■ Saved data entries ■
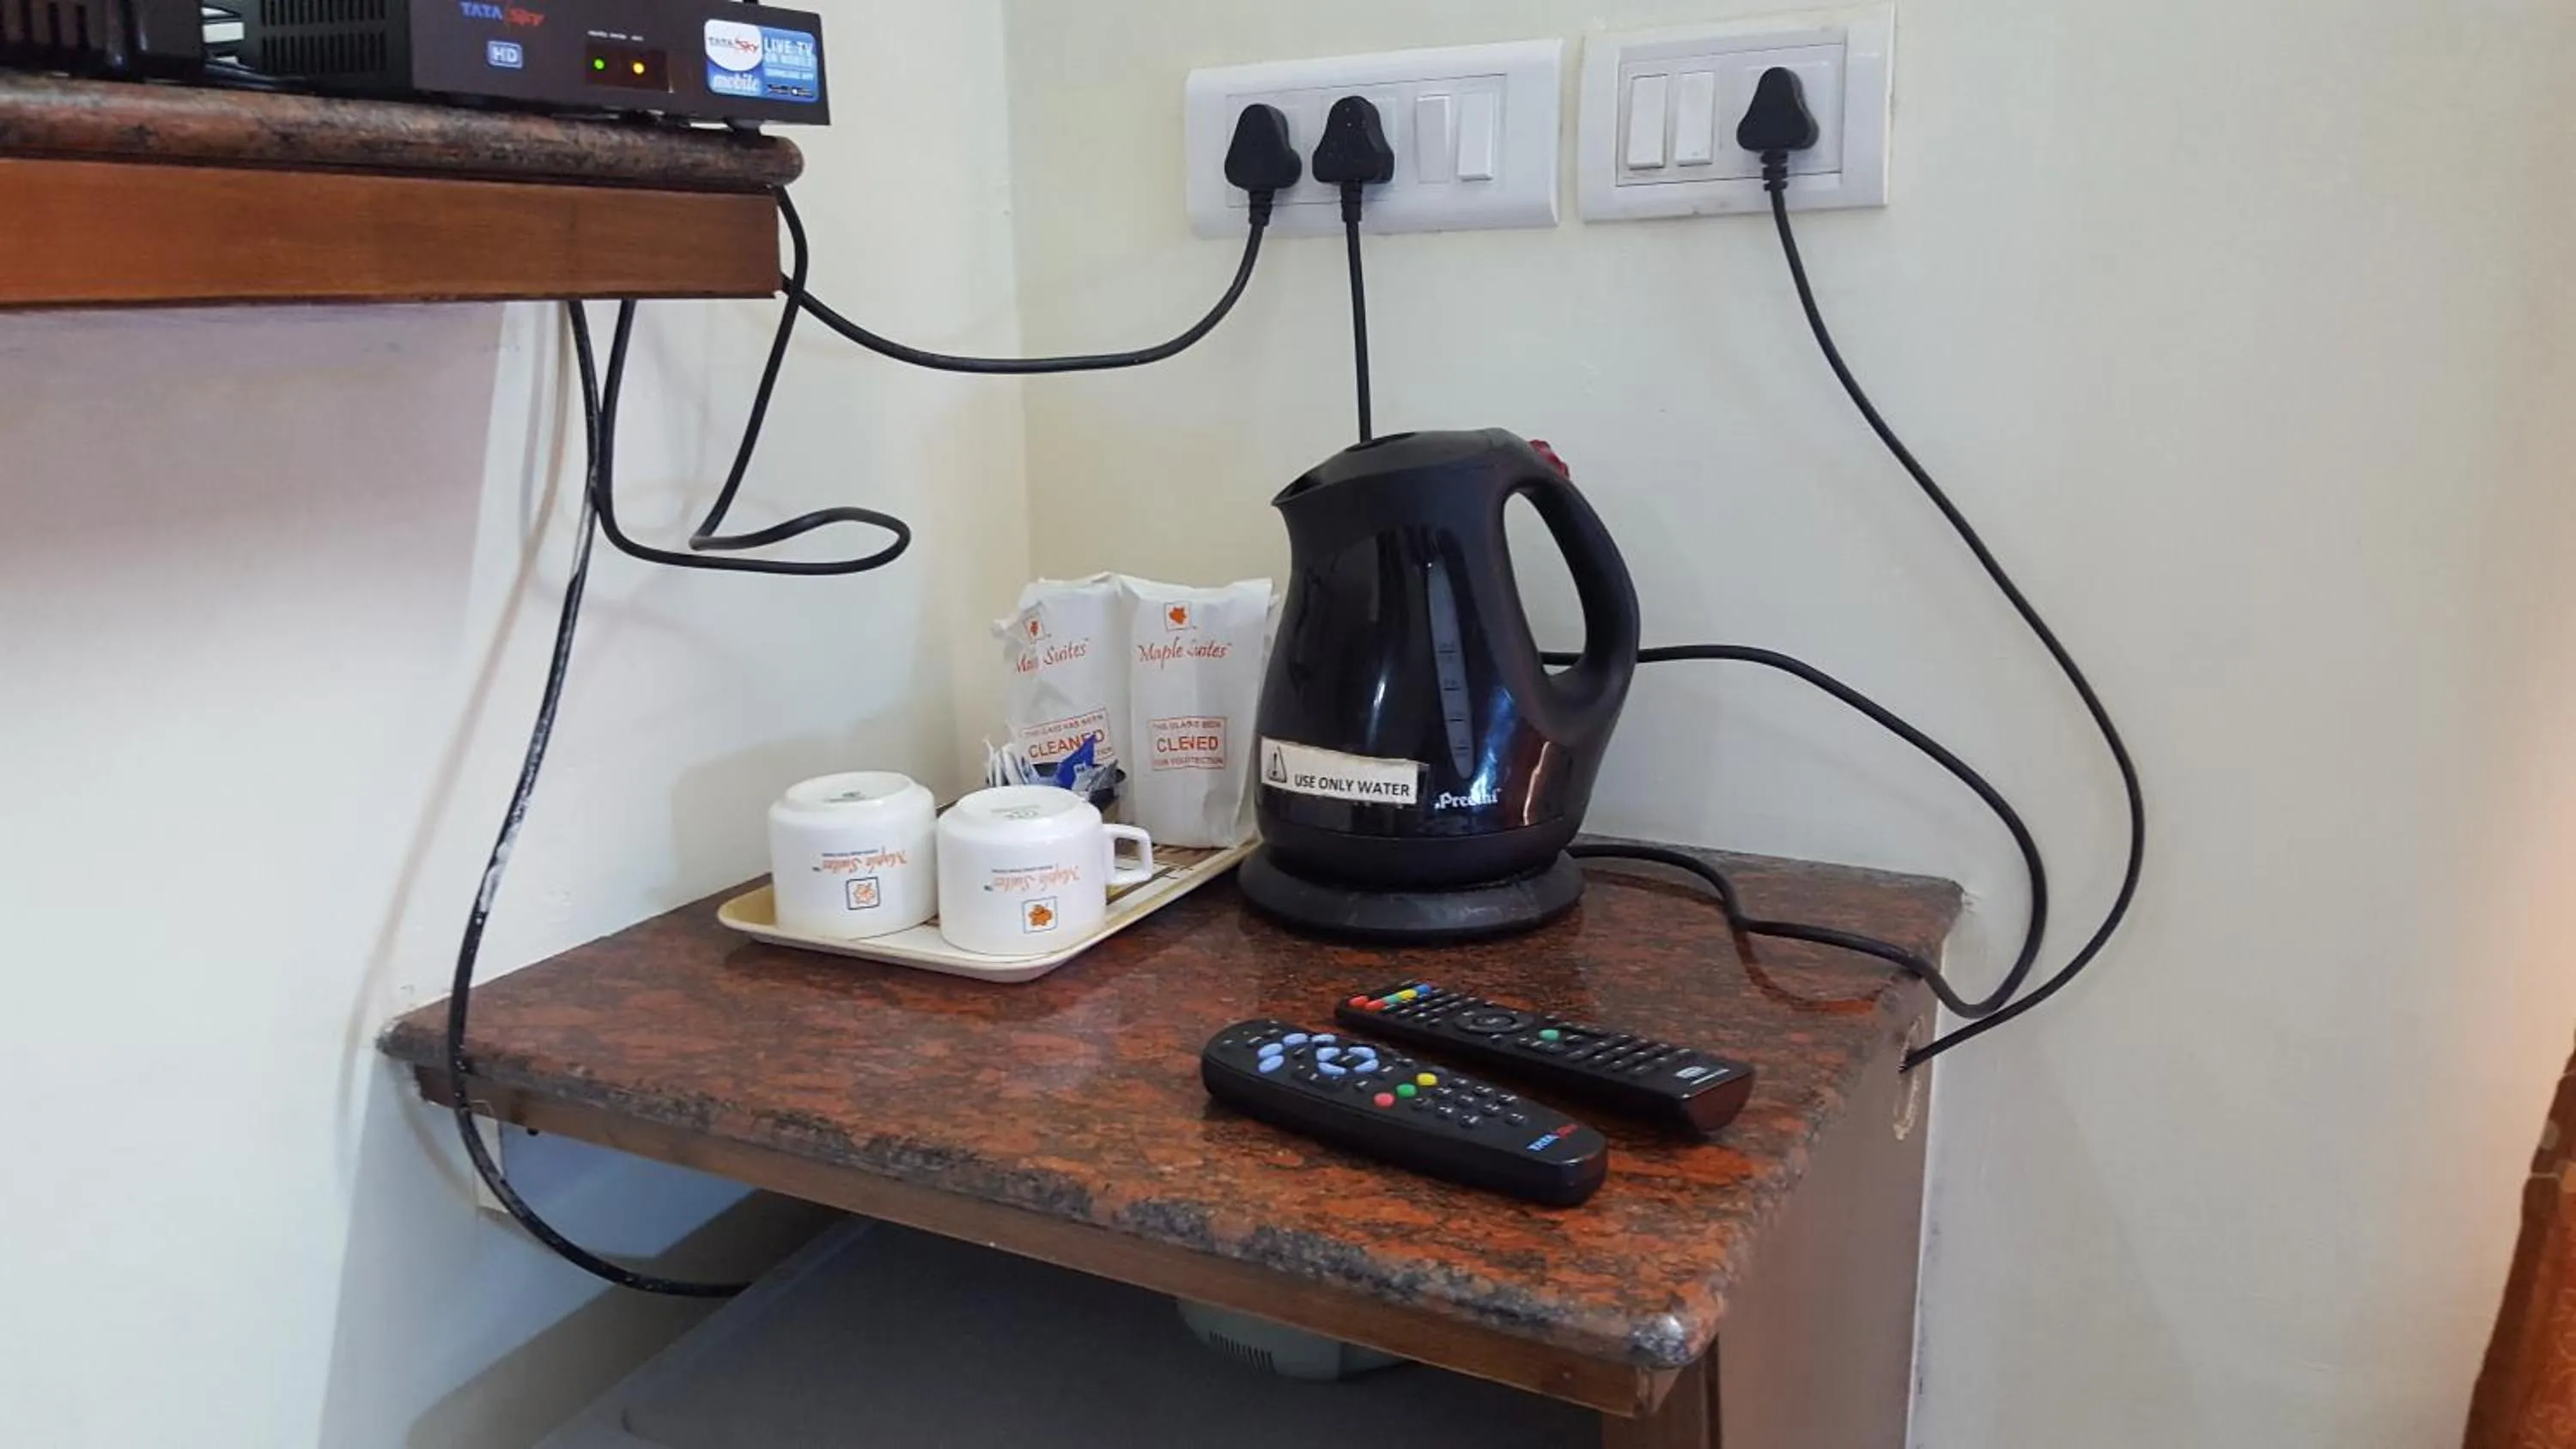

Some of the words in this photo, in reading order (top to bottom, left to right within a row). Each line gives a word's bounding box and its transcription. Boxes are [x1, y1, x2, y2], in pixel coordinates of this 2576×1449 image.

[459, 2, 503, 21] TATA
[492, 45, 519, 64] HD
[714, 73, 760, 92] mobile
[1137, 636, 1183, 670] Maple
[1294, 774, 1315, 788] USE
[1318, 777, 1354, 792] ONLY
[1357, 780, 1411, 797] WATER
[1437, 787, 1498, 809] Preehi
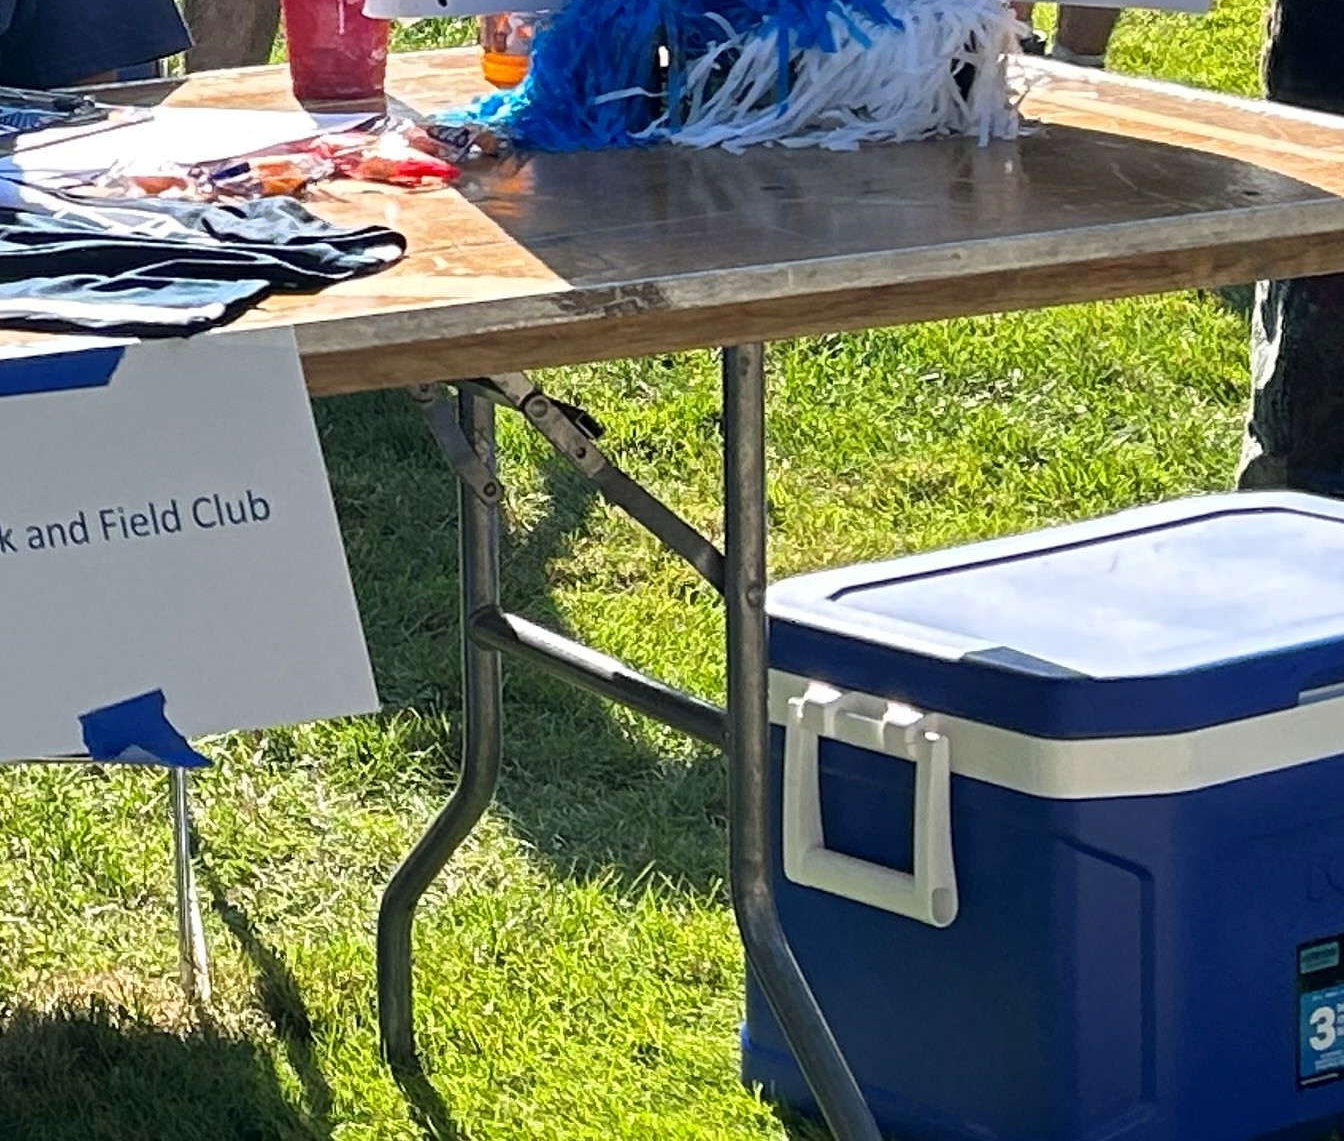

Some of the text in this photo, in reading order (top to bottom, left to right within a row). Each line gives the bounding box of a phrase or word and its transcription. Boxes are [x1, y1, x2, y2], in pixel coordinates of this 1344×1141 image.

[26, 511, 90, 551] and
[98, 499, 183, 541] Field
[191, 490, 272, 529] Club

■ Exercise prompt ■
What you produce should repeat the data word for word while omitting all images.

■ Response area ■
Some of the words in this photo, in reading order (top to bottom, left to right within a row). Each line gives a word's bounding box and its transcription. Boxes are [x1, y1, x2, y2], in pixel coordinates of this 2576×1449 image.

[459, 2, 503, 21] TATA
[492, 45, 519, 64] HD
[714, 73, 760, 92] mobile
[1137, 636, 1183, 670] Maple
[1294, 774, 1315, 788] USE
[1318, 777, 1354, 792] ONLY
[1357, 780, 1411, 797] WATER
[1437, 787, 1498, 809] Preehi

Some of the text in this photo, in reading order (top to bottom, left to right within a row). Each line gives the bounding box of a phrase or word and its transcription. Boxes are [x1, y1, x2, y2], in pixel coordinates of this 1344×1141 image.

[26, 511, 90, 551] and
[98, 499, 183, 541] Field
[191, 490, 272, 529] Club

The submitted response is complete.